[What the exercise asks]
Your job is to copy every record exactly.

[Listed entries]
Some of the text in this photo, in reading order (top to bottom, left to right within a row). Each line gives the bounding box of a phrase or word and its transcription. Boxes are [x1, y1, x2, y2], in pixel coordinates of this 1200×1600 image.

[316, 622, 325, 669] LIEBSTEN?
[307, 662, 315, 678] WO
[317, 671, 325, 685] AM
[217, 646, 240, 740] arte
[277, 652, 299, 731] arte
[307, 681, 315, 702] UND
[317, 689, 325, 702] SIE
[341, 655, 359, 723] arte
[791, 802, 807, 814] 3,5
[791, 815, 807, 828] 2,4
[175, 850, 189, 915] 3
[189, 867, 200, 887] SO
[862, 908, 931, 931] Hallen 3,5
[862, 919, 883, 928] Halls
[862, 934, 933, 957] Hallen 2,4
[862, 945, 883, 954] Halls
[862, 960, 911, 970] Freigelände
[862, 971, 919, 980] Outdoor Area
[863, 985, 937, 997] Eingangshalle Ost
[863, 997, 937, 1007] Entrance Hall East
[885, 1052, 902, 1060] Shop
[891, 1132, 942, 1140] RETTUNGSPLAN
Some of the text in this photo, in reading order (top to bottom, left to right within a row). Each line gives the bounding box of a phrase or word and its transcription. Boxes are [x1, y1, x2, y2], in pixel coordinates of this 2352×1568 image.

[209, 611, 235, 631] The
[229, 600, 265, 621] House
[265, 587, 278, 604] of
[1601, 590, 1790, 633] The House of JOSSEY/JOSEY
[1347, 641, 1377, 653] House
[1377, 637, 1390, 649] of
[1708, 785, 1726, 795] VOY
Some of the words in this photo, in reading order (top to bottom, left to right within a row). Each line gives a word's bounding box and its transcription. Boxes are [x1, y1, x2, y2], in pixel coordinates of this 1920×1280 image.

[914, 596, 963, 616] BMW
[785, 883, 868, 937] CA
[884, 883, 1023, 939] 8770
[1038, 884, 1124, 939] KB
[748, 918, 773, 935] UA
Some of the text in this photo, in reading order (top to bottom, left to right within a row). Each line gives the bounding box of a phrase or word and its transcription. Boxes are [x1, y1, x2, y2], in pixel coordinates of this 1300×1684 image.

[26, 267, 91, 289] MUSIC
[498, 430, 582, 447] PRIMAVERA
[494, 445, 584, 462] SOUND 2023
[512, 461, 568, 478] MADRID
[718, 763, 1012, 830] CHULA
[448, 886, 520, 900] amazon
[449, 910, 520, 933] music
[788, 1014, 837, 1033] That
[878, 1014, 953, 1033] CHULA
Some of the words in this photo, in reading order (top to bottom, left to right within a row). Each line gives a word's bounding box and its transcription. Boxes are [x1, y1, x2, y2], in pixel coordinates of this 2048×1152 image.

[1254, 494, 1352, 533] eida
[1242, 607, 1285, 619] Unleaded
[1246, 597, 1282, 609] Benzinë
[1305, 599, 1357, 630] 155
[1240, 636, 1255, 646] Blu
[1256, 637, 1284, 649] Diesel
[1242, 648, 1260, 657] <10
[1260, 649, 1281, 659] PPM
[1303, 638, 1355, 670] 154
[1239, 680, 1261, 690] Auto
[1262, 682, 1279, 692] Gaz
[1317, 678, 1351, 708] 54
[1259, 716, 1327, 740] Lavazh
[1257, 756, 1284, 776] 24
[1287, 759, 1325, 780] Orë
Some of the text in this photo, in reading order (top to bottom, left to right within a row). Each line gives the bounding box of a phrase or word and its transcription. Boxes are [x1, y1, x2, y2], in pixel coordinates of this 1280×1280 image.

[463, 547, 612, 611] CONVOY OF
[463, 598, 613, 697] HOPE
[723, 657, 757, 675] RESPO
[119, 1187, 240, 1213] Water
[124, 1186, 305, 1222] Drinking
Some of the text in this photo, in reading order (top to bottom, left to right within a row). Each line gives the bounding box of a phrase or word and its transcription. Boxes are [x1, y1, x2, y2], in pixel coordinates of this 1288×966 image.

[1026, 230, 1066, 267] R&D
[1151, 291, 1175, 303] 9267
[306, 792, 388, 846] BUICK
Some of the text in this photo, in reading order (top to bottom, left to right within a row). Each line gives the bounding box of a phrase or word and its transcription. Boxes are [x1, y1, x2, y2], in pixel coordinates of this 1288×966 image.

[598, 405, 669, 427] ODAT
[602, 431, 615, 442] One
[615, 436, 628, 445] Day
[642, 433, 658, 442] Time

[Output]
Some of the text in this photo, in reading order (top to bottom, left to right within a row). Each line gives the bounding box of a phrase or word and its transcription. Boxes are [x1, y1, x2, y2], in pixel coordinates of this 1200×1600 image.

[316, 622, 325, 669] LIEBSTEN?
[307, 662, 315, 678] WO
[317, 671, 325, 685] AM
[217, 646, 240, 740] arte
[277, 652, 299, 731] arte
[307, 681, 315, 702] UND
[317, 689, 325, 702] SIE
[341, 655, 359, 723] arte
[791, 802, 807, 814] 3,5
[791, 815, 807, 828] 2,4
[175, 850, 189, 915] 3
[189, 867, 200, 887] SO
[862, 908, 931, 931] Hallen 3,5
[862, 919, 883, 928] Halls
[862, 934, 933, 957] Hallen 2,4
[862, 945, 883, 954] Halls
[862, 960, 911, 970] Freigelände
[862, 971, 919, 980] Outdoor Area
[863, 985, 937, 997] Eingangshalle Ost
[863, 997, 937, 1007] Entrance Hall East
[885, 1052, 902, 1060] Shop
[891, 1132, 942, 1140] RETTUNGSPLAN
Some of the text in this photo, in reading order (top to bottom, left to right within a row). Each line gives the bounding box of a phrase or word and its transcription. Boxes are [x1, y1, x2, y2], in pixel coordinates of this 2352×1568 image.

[209, 611, 235, 631] The
[229, 600, 265, 621] House
[265, 587, 278, 604] of
[1601, 590, 1790, 633] The House of JOSSEY/JOSEY
[1347, 641, 1377, 653] House
[1377, 637, 1390, 649] of
[1708, 785, 1726, 795] VOY
Some of the words in this photo, in reading order (top to bottom, left to right within a row). Each line gives a word's bounding box and its transcription. Boxes are [x1, y1, x2, y2], in pixel coordinates of this 1920×1280 image.

[914, 596, 963, 616] BMW
[785, 883, 868, 937] CA
[884, 883, 1023, 939] 8770
[1038, 884, 1124, 939] KB
[748, 918, 773, 935] UA
Some of the text in this photo, in reading order (top to bottom, left to right within a row). Each line gives the bounding box of a phrase or word and its transcription. Boxes are [x1, y1, x2, y2], in pixel coordinates of this 1300×1684 image.

[26, 267, 91, 289] MUSIC
[498, 430, 582, 447] PRIMAVERA
[494, 445, 584, 462] SOUND 2023
[512, 461, 568, 478] MADRID
[718, 763, 1012, 830] CHULA
[448, 886, 520, 900] amazon
[449, 910, 520, 933] music
[788, 1014, 837, 1033] That
[878, 1014, 953, 1033] CHULA
Some of the words in this photo, in reading order (top to bottom, left to right within a row). Each line gives a word's bounding box and its transcription. Boxes are [x1, y1, x2, y2], in pixel coordinates of this 2048×1152 image.

[1254, 494, 1352, 533] eida
[1242, 607, 1285, 619] Unleaded
[1246, 597, 1282, 609] Benzinë
[1305, 599, 1357, 630] 155
[1240, 636, 1255, 646] Blu
[1256, 637, 1284, 649] Diesel
[1242, 648, 1260, 657] <10
[1260, 649, 1281, 659] PPM
[1303, 638, 1355, 670] 154
[1239, 680, 1261, 690] Auto
[1262, 682, 1279, 692] Gaz
[1317, 678, 1351, 708] 54
[1259, 716, 1327, 740] Lavazh
[1257, 756, 1284, 776] 24
[1287, 759, 1325, 780] Orë
Some of the text in this photo, in reading order (top to bottom, left to right within a row). Each line gives the bounding box of a phrase or word and its transcription. Boxes are [x1, y1, x2, y2], in pixel coordinates of this 1280×1280 image.

[463, 547, 612, 611] CONVOY OF
[463, 598, 613, 697] HOPE
[723, 657, 757, 675] RESPO
[119, 1187, 240, 1213] Water
[124, 1186, 305, 1222] Drinking
Some of the text in this photo, in reading order (top to bottom, left to right within a row). Each line gives the bounding box of a phrase or word and its transcription. Boxes are [x1, y1, x2, y2], in pixel coordinates of this 1288×966 image.

[1026, 230, 1066, 267] R&D
[1151, 291, 1175, 303] 9267
[306, 792, 388, 846] BUICK
Some of the text in this photo, in reading order (top to bottom, left to right within a row). Each line gives the bounding box of a phrase or word and its transcription. Boxes are [x1, y1, x2, y2], in pixel coordinates of this 1288×966 image.

[598, 405, 669, 427] ODAT
[602, 431, 615, 442] One
[615, 436, 628, 445] Day
[642, 433, 658, 442] Time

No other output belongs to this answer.